Well, now that he’s finally coughed up a budget four months into his administration, it seems that his opponents were correct that his plans are going to cost more; he wants to spend several hundred million dollars more than proposed by the previous administration.

Abercrombie is relying mainly on tax increases of various kinds to finance his plans, with relatively little sign of re-prioritizing and reallocating. There have been few announcements of new federal funds coming Hawai‘i’s way.

He not only made big campaign promises, but was especially cocky in purporting to know it all as to where we stood and what needed to be done.

If truth in advertising has any meaning anymore in political campaigning, the governor owes us a better accounting of how his proposals stack up against what he promised.

Hawai‘i lawmakers hunger for free meals

March 1, 2011

Ethics laws governing Hawai‘i public officials are so lax that I didn’t think further loosening was possible.

But cutting themselves ethical slack is one of our legislators’ special areas of creativity, and they’ve done it again with a bill up for hearing before the Senate Judiciary Committee at 9 a.m. today that would allow lawmakers and other state officials to accept wining and dining from special interests with virtual impunity.

The original version of SB 671, introduced by Democratic Sen. Les Ihara and Republican Sen. Sam Slom, was a noble attempt to tighten reporting requirements on those who seek to influence legislators by requiring monthly disclosures from lobbyists and their clients when the Legislature is in session.

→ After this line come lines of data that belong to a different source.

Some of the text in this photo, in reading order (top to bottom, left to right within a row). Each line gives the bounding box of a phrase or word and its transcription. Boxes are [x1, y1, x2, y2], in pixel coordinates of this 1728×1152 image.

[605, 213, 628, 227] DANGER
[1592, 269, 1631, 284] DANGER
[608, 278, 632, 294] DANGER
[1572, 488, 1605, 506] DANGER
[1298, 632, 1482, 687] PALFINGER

The amended version being heard today is a gut-and-replace job that weakens a current law barring acceptance of any gift intended to influence or reward official action with a more liberal rule that allows gifts of up to $200 from special interests, even if they are intended to influence and reward.

The amended measure allows legislators to accept and even solicit from lobbying interests food and beverages, travel and free tickets to charity, cultural, political or community events.

It’s pretty pathetic when our senators’ brightest idea for better government in the public interest is more freebies for themselves.